(Work request): Please restate the entries verbatim. The copy should hold no pictures.

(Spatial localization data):
▬▬▬

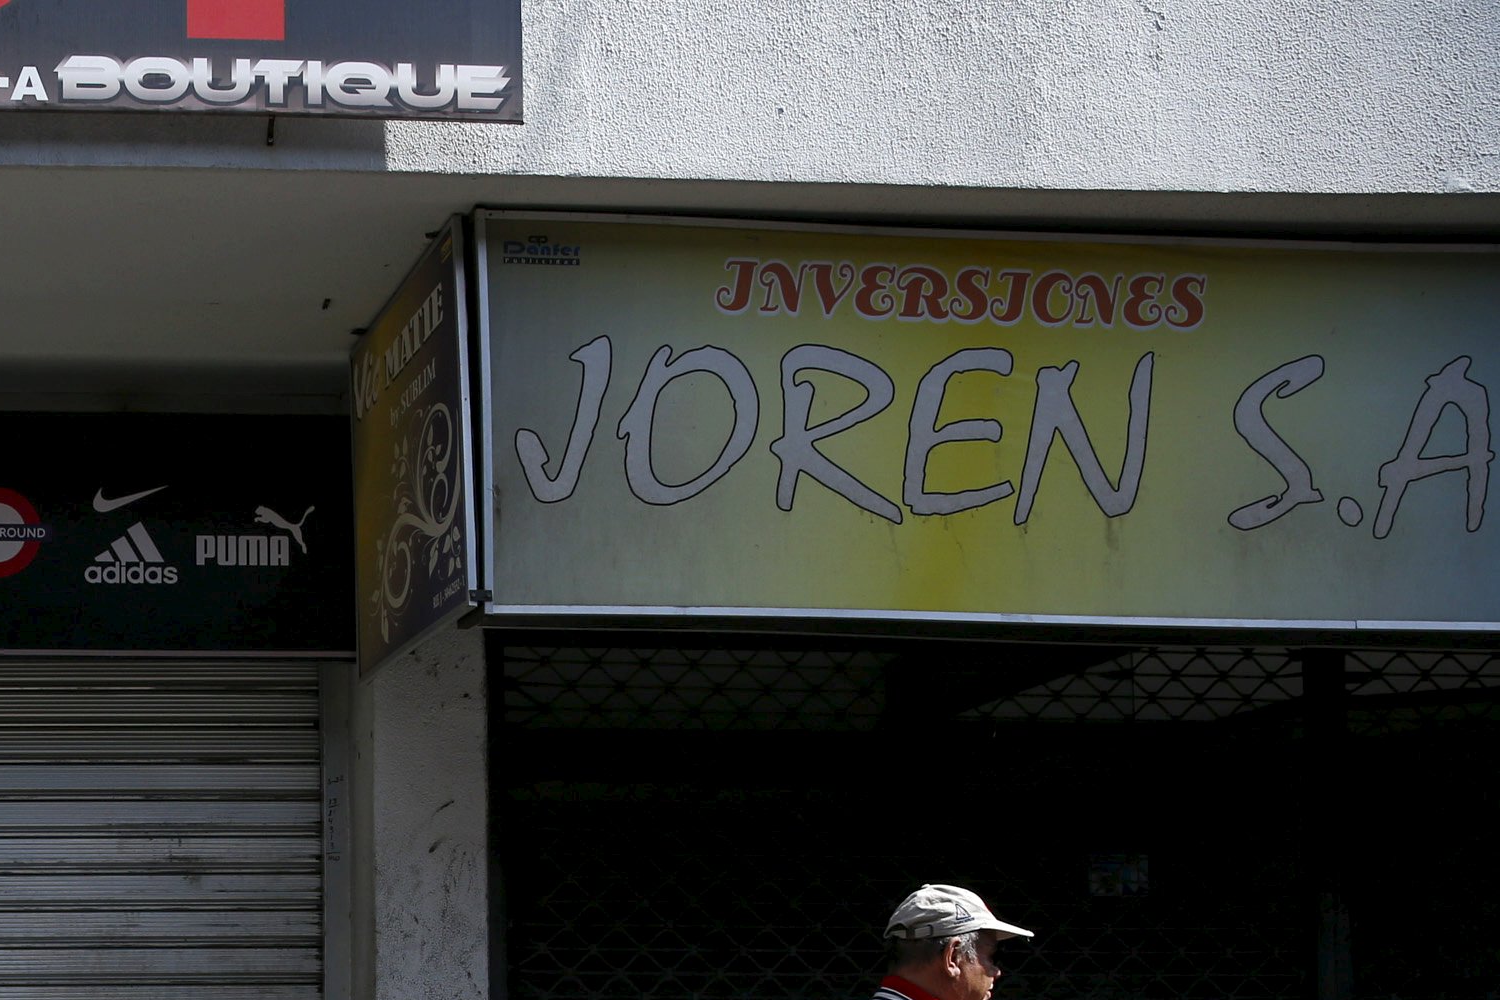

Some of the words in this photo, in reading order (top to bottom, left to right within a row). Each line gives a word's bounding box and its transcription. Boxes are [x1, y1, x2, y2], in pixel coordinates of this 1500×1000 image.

[53, 54, 512, 111] BOUTIQUE
[514, 335, 1154, 526] JOREN
[1227, 354, 1496, 539] S.A
[83, 560, 180, 585] adidas
[195, 534, 290, 567] PUMA
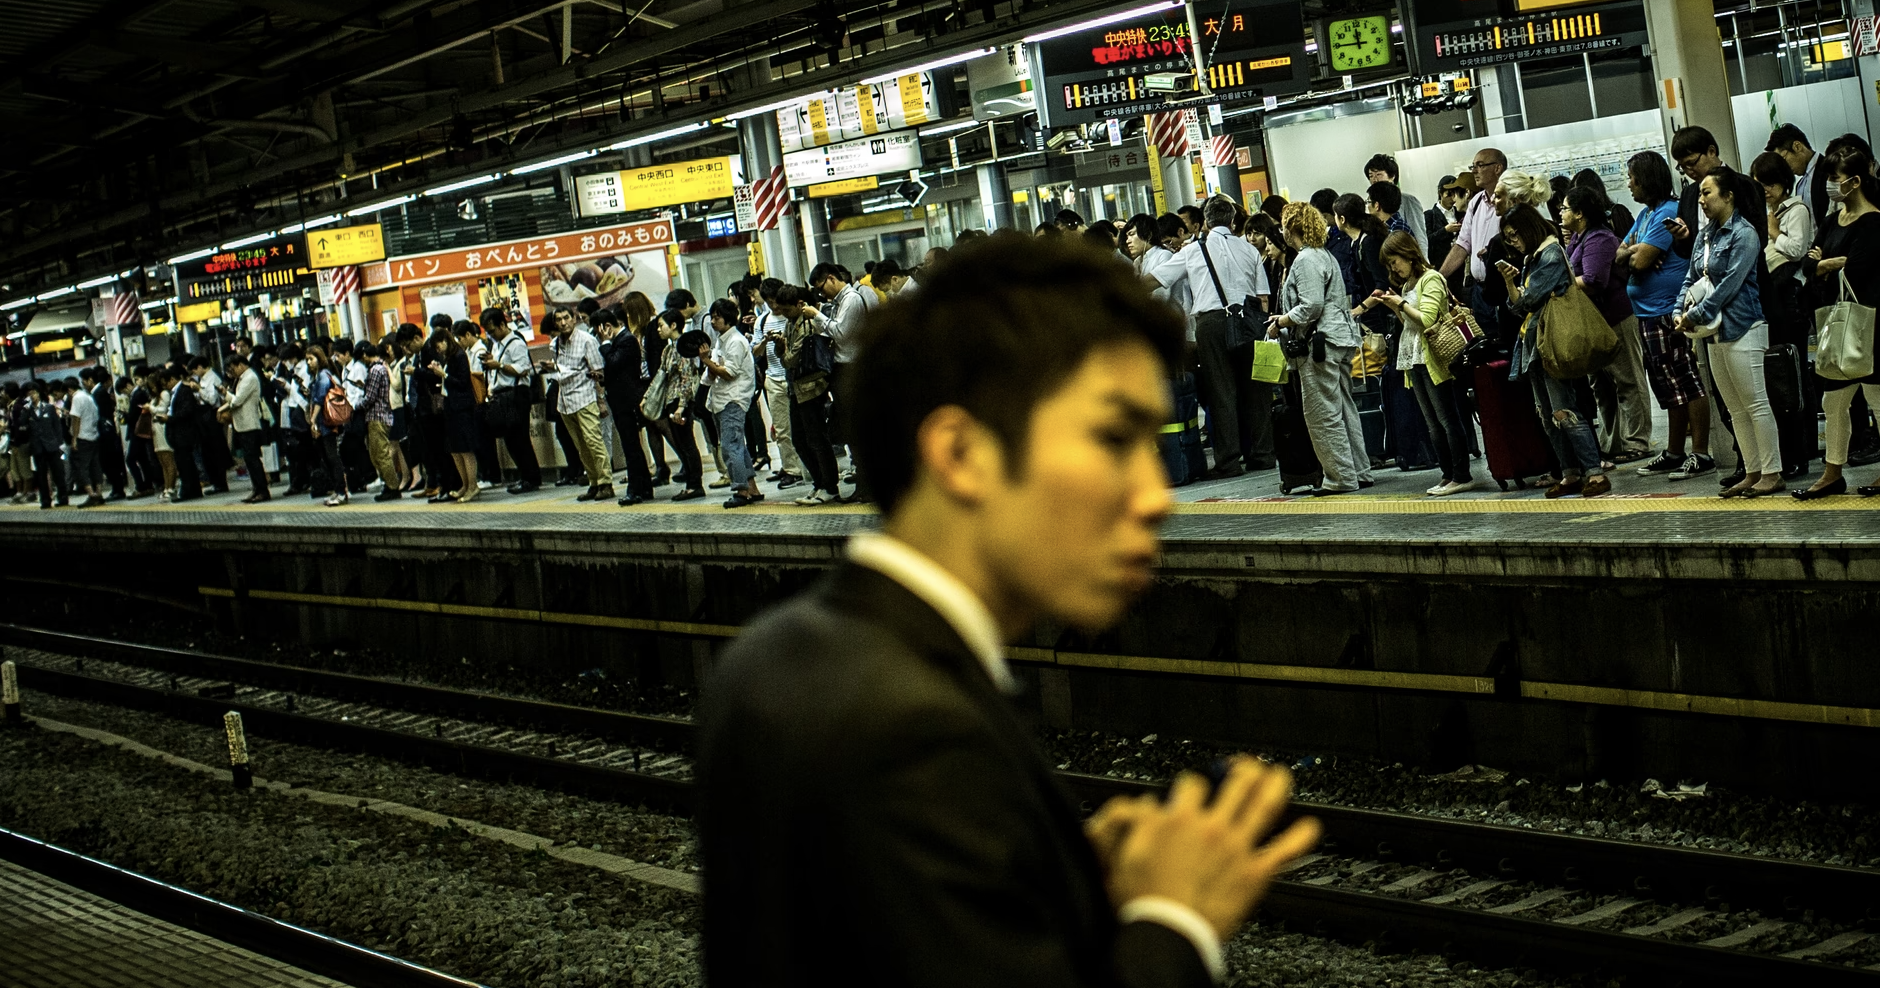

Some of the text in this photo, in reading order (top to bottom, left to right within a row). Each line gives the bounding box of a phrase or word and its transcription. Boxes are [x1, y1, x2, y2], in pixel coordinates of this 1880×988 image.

▬▬▬

(Task result):
Some of the words in this photo, in reading order (top to bottom, left to right within a row). Each line gives a word's bounding box and its transcription. Boxes are [x1, y1, x2, y2], in pixel coordinates of this 1500×1000 image.

[53, 54, 512, 111] BOUTIQUE
[514, 335, 1154, 526] JOREN
[1227, 354, 1496, 539] S.A
[83, 560, 180, 585] adidas
[195, 534, 290, 567] PUMA

Some of the text in this photo, in reading order (top to bottom, left to right within a row). Each line gives the bounding box of a phrase or word and its transcription. Boxes are [x1, y1, x2, y2], in pixel coordinates of this 1880×988 image.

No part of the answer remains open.